The press release is below:
Four Men Sentenced to Prison Terms In Crew Rivalry Case - Crimes Include Multiple Shootings, Homicides
WASHINGTON – Four men have been sentenced in recent days to prison terms on charges stemming from crimes they committed in a violent rivalry between two street crews in Southeast Washington, U.S. Attorney Ronald C. Machen Jr. and Cathy L. Lanier, Chief of the Metropolitan Police Department (MPD) announced today.
The defendants were convicted in July 2012, following a two-month trial in the Superior Court of the District of Columbia. They include Antonio Fortson, 21; Lamonte Henson 21; Marcellus McCray, 19, and Timothy Parker, 34.
Fortson was sentenced today to 16 years and three months of incarceration on charges of manslaughter while armed, assault with a dangerous weapon, and related gun offenses. Henson was sentenced on Oct. 23, 2012 to two years and eight months in prison for possession of a handgun. McCray was sentenced Oct. 24, 2012, to 19 years and seven months for manslaughter while armed, assault with intent to kill while armed, and related gun charges. Parker was sentenced Oct. 25, 2012 to 17 ½ years in prison for manslaughter while armed and gun charges.
Two other men pled guilty to charges during the trial last summer. Kurtis Faison, 20, pled guilty to second-degree murder while armed, conspiracy to commit murder, obstruction of justice, and other offenses. Lamont Thomas, 21, pled guilty to assault with intent to kill and conspiracy to commit murder. Thomas was sentenced on Sept. 18, 2012, to four years in prison. Faison is awaiting sentencing in March 2013.

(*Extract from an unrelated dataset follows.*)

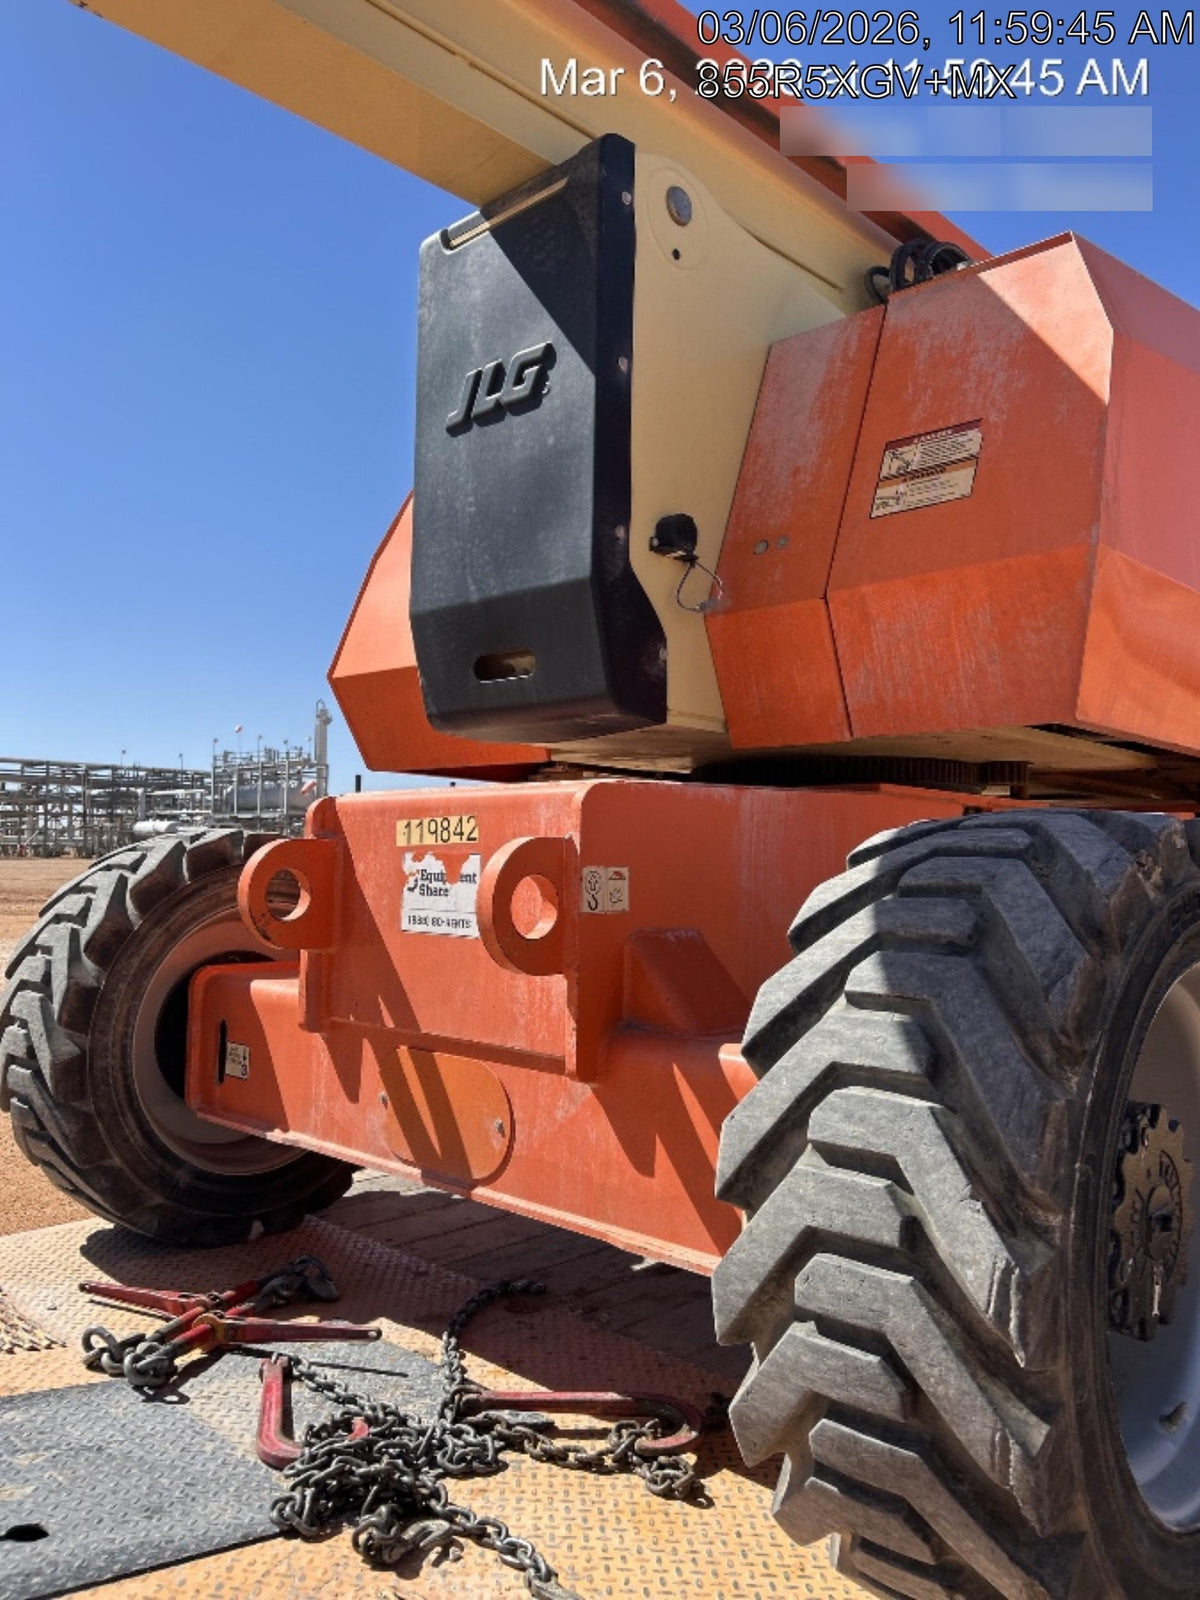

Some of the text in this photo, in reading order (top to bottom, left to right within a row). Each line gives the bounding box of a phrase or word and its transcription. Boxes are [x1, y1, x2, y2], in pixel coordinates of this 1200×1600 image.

[446, 341, 557, 438] JLG
[404, 815, 478, 845] 119842
[420, 868, 477, 885] Equient
[419, 882, 449, 897] Share

Except for Henson, who is from Upper Marlboro, Md., and Fortson, who is from Capitol Heights, Md., all of the defendants are from Washington, D.C.

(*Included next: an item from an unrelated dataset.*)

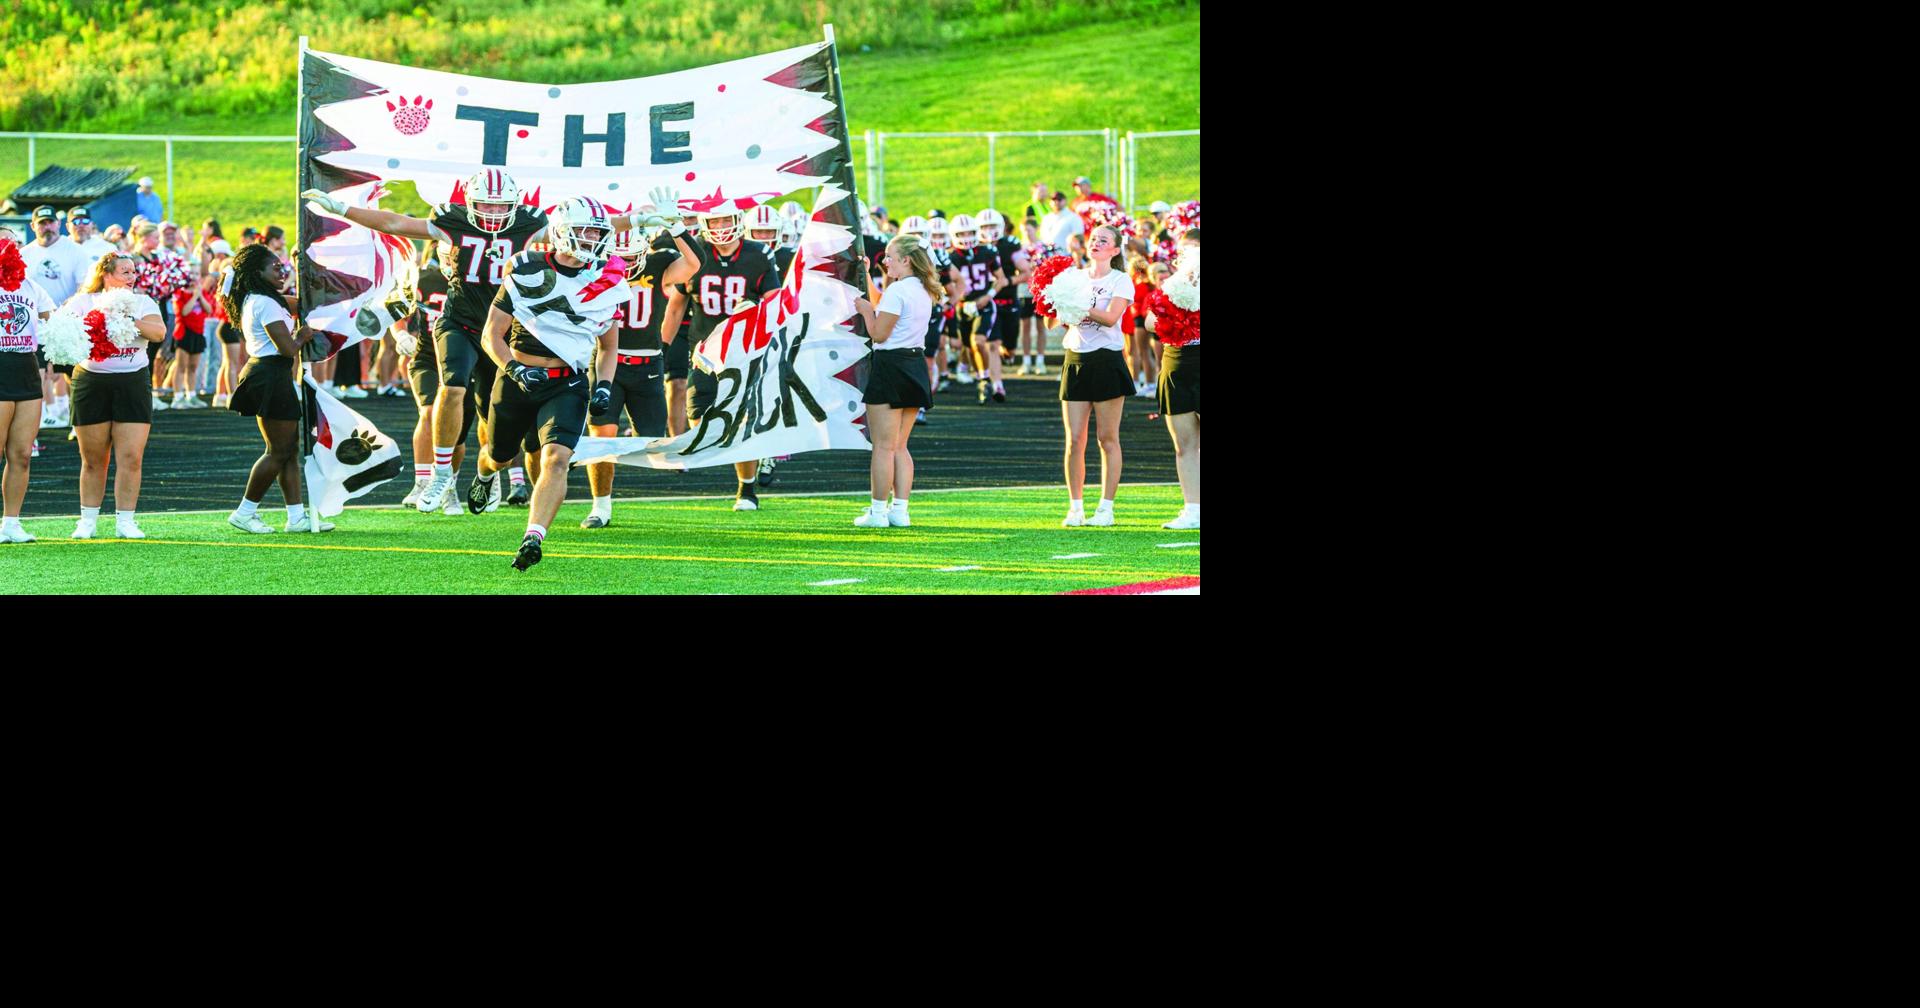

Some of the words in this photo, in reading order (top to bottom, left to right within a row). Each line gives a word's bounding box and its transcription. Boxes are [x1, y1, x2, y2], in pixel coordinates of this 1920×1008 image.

[455, 100, 694, 168] THE
[460, 235, 513, 285] 78
[700, 274, 747, 317] 68
[678, 312, 828, 456] BACK

The case centered on a series of shootings that occurred in the Benning Terrace neighborhood between individuals from the “Avenue,” an area in Benning Terrace west of 46th Street SE, and individuals from the “Circle,” a cul-de-sac in the 600 Block of 46th Place SE. Both crews dealt narcotics, possessed firearms, and sought to evade law enforcement. The defendants were part of the Circle crew.
According to the government’s evidence, on April 10, 2010, Faison shot and killed Melvin White, 27, in the Circle, believing that Mr. White may have been assisting the Avenue crew. In April or early May, Fortson and Thomas observed other individuals they associated with the Avenue crew in their territory, and fired multiple gunshots at them. Further retaliatory shootings followed.

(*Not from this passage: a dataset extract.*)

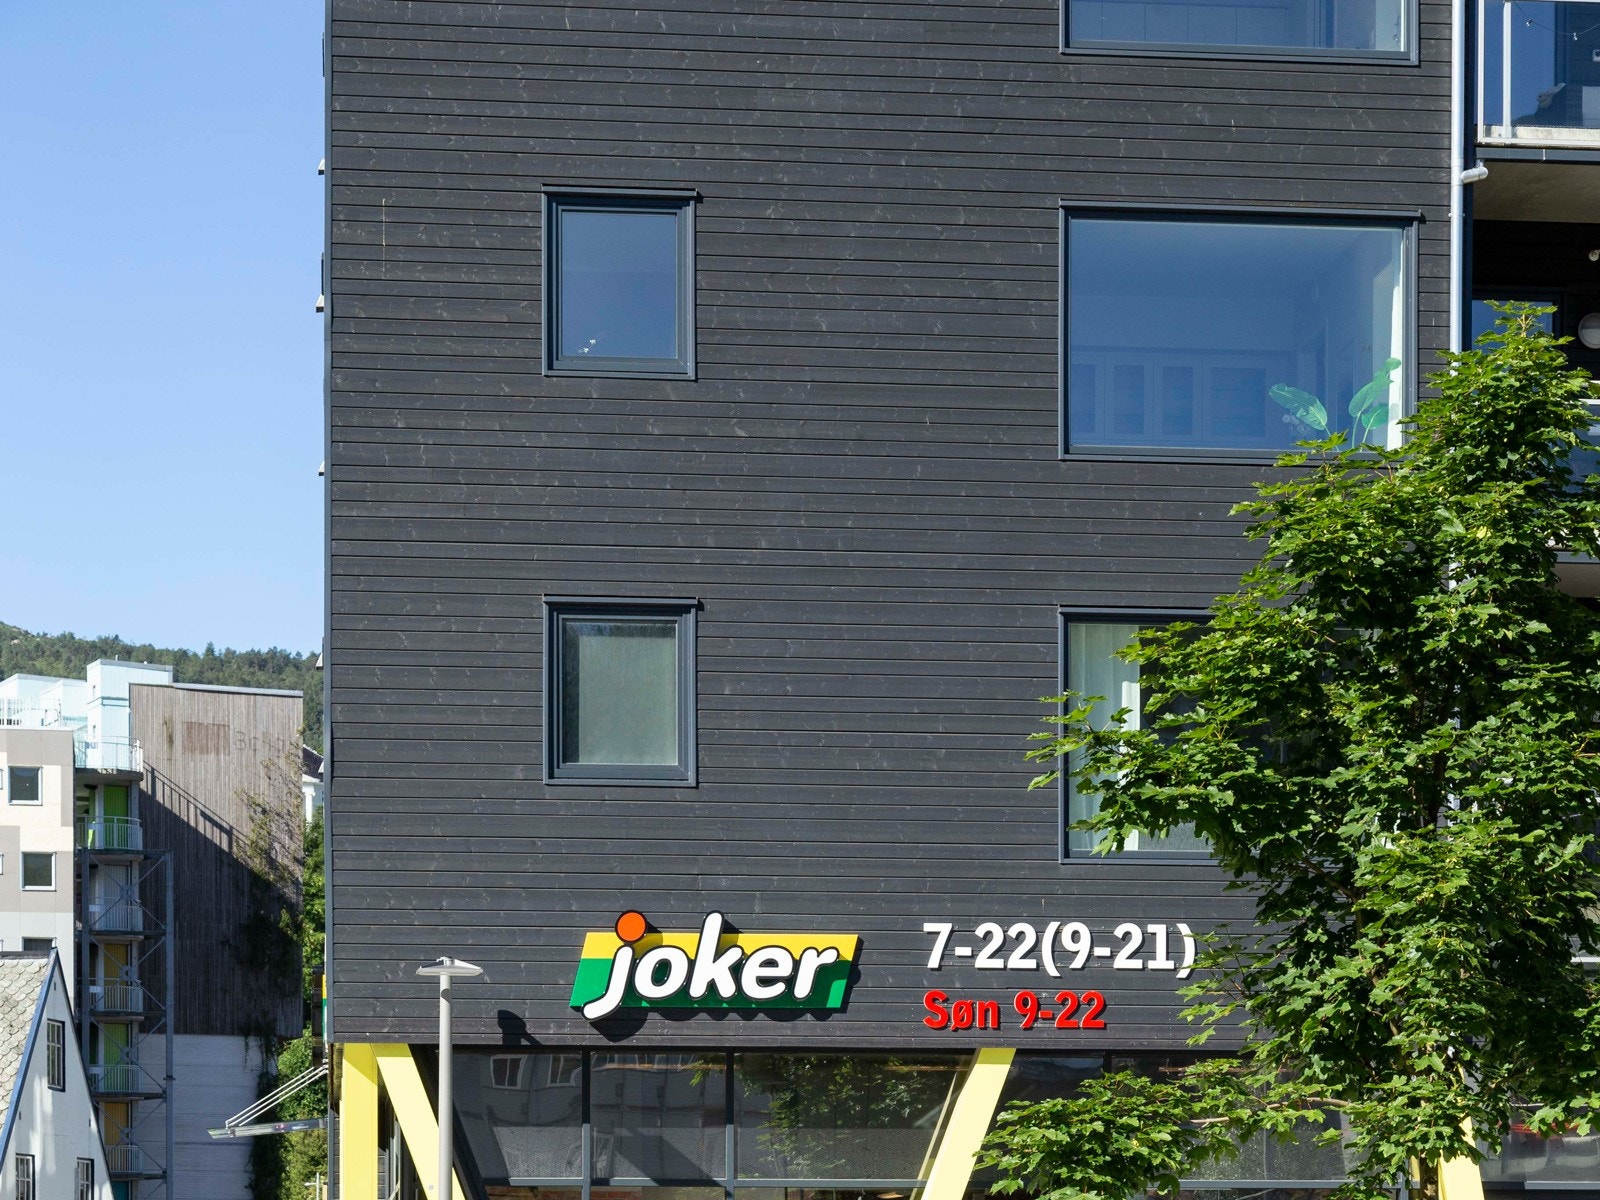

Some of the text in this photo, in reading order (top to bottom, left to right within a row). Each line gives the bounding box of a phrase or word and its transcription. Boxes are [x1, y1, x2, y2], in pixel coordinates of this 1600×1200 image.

On May 30, 2010, McCray and others armed themselves and went over to the Avenue and shot at individuals. Several minutes later, several Avenue crew members ran up into the Circle firing their weapons, where they encountered multiple Circle crew members who fired at them, including Parker, who was firing on the west side of the circle towards a hill located between two buildings. Fortson and Henson were shooting from the east side of the circle both north and across to the hill. McCray and other charged individuals were shooting from the southeast portion of the circle across to the hill as well. During the shooting, a bystander from the Circle, Antwan Buckner, 32, was shot and killed. Even after that shooting, the Circle crew members continued to arm themselves.
The Avenue crew members have been charged in a separate conspiracy and are set for trial in February 2013.
In announcing the sentences, U.S. Attorney Machen and Chief Lanier praised those who worked on the case from the MPD and the U.S. Attorney’s Office, including paralegals Fern Rhedrick and Sharon Newman; Thomas Royal and Paul Howell of Litigation Technology Support; Victim/Witness Advocate Marcey Rinker and the entire staff of the Victim Witness Assistance Unit, and Assistant U.S. Attorneys Jeff Pearlman, Laura Bach, and Nicholas Cannon, who prosecuted the case.